Stop the Compliment Culture!
I observed that in the current corporate world suddenly everything has become absolutely excellent! Everyone is great! Simple updates are suddenly cheered as an ‘outstanding job’! Sprint demos end with cheering! As a result, the valuation of the compliment is getting under pressure and is being devaluated. It is time for intervention by the Compliment Culture Watchdog!
Maybe it is me, but this over-excited behaviour just does not feel right and brings a certain level of risk. Like with kids — or with a lover — one has to extremely careful when, how and to who to give compliments. It is an art by itself.

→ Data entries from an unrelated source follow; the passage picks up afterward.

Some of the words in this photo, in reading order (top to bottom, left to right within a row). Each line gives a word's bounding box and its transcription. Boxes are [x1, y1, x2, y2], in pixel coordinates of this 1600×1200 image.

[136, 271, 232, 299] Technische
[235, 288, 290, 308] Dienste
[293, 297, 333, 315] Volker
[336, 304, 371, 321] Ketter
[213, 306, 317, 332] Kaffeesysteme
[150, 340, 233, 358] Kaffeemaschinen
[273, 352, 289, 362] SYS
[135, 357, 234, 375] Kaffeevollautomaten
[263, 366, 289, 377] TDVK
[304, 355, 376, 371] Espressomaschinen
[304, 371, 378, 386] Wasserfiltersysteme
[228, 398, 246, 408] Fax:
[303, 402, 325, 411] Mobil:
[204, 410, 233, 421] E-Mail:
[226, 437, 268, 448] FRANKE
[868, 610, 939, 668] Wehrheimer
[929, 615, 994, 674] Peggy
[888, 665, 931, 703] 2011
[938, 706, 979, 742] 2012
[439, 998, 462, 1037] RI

Note, I’m not suggesting that giving compliments is wrong, it just needs careful consideration. Be aware, when not done right compliments can have a counter-effective effect.

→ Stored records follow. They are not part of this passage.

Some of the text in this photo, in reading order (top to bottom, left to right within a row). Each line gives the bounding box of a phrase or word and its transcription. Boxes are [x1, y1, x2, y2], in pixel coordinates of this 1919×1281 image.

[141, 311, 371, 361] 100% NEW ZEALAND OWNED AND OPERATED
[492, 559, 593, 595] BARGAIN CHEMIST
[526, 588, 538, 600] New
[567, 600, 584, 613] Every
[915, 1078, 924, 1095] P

Compliments as anti-pattern by your agile coach!
In many companies in transformation, ex-project managers get repurposed in no time to Agile coaches or Scrum Masters. Just look at the LinkedIn profile of some of your ex-project manager colleagues and see how many suddenly have rebranded themselves as experienced Agile coach or Scrum Master.

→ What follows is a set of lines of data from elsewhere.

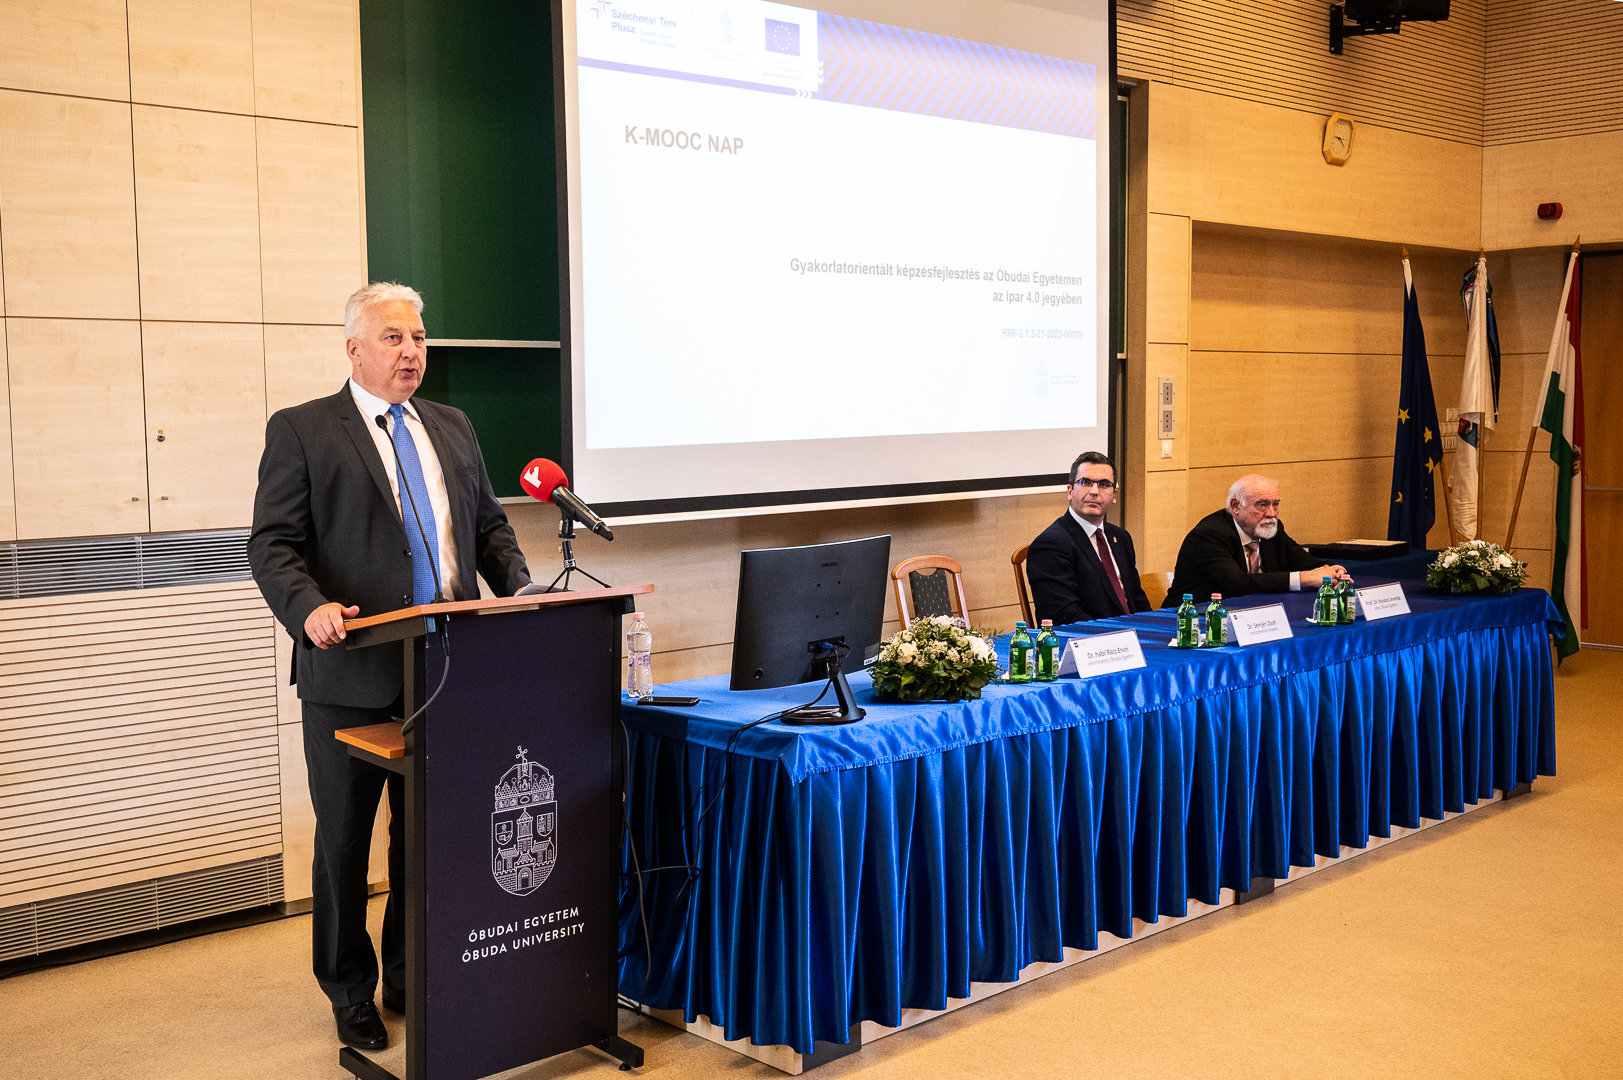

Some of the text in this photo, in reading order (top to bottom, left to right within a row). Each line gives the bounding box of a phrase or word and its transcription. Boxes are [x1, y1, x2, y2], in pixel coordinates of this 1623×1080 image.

[611, 9, 677, 28] Széchenyi Terv
[611, 21, 636, 34] Plusz
[625, 125, 744, 155] K-MOOC NAP
[790, 258, 1083, 287] Gyakorlatorientált képzésfejlesztés az Óbudai Egyetemen
[993, 290, 1083, 307] az Ipar 4.0 jegyében
[468, 906, 580, 943] ÓBUDAI EGYETEM
[461, 922, 585, 963] ÓBUDA UNIVERSITY

As a result, we suddenly have find ourselves surrounded by inexperienced Scrum Masters and Agile Coaches on the work floor. The most difficult tasks for these functions are to ask difficult questions, push the team and identify issues that need to be unblocked.
They have a strong supporting role and need to keep the team energized. In lack of real coaching skills and domain knowledge, it is easy to compliment as no one will ever blame you for being complimentary. As a result the chats in Microsoft Teams sessions suddenly fill up with ‘Excellent’, ‘Incredible’, or ‘Great Job’.
Unfortunately, this is the worst thing that can happen to your transformation. Your Agile coaches are the engine of your transformation, should be your most experienced resources, and be the most critical ones to continuously push the envelope of the inexperienced agile organisation.
In my Dutch Calvinistic culture we are very stingy when it comes to giving compliments. Not just with compliments by the way, we are stingy in general. It is not in our culture to go overboard. Something really has to reach an exorbitant level of incredibility for a Dutch person to give a compliment. I think it is a very northern European habit with some countries even worse than the Dutch. I mention no names….. In these northern European countries lack of criticism is already the biggest compliment one can get.
Where in the Japanese culture they are very careful in giving compliments, the American culture is the complete opposite. Everything is Great. Even America is GREAT Again…:-)
In other cultures, the compliment is the least to expect from someone. Not giving the compliment is almost an insult.
So in a multicultural organisation one should be very considerate with giving compliments. The best is to find a middle-of-the-road approach and dose your daily number of compliments.
Watch out for the backfire of your ‘compliment’
One of the most annoying compliments is if you hear someone respond to each and every question. “Excellent Question!”
The theory says that no questions are stupid, but replying to every question “That is an excellent question” can reflect badly. In any audience, you will have some that are novice but also a few that are real experts. While it can help the ego of the one asking the question to hear he/she asked an Excellent question the expert in the audience clearly understand it is not.
There are other ways to acknowledge the question. One could use ‘Thanks for asking this…..’.
When to do and when not to do
As with so many things it all boils down to when to do it and when not.
Encouraging compliments are very appropriate when talking to novice colleagues that are in the process of establishing a skill. For them, it is a word of encouragement.
However, your expert colleagues would much more appreciate well-worded criticism that would help them to further progress. Easier said than done. For them, it is equally important who gives the compliment. The ability to express positive criticism requires domain knowledge and only works if you have established yourself as a domain expert. If not stay neutral and thank them for their contributions, and just be honest you do not have the know-how to judge their work.
As nobody will compliment me for this incredibly well-written article. I will allow myself a compliment. Well done van Rietschoten! Thanks!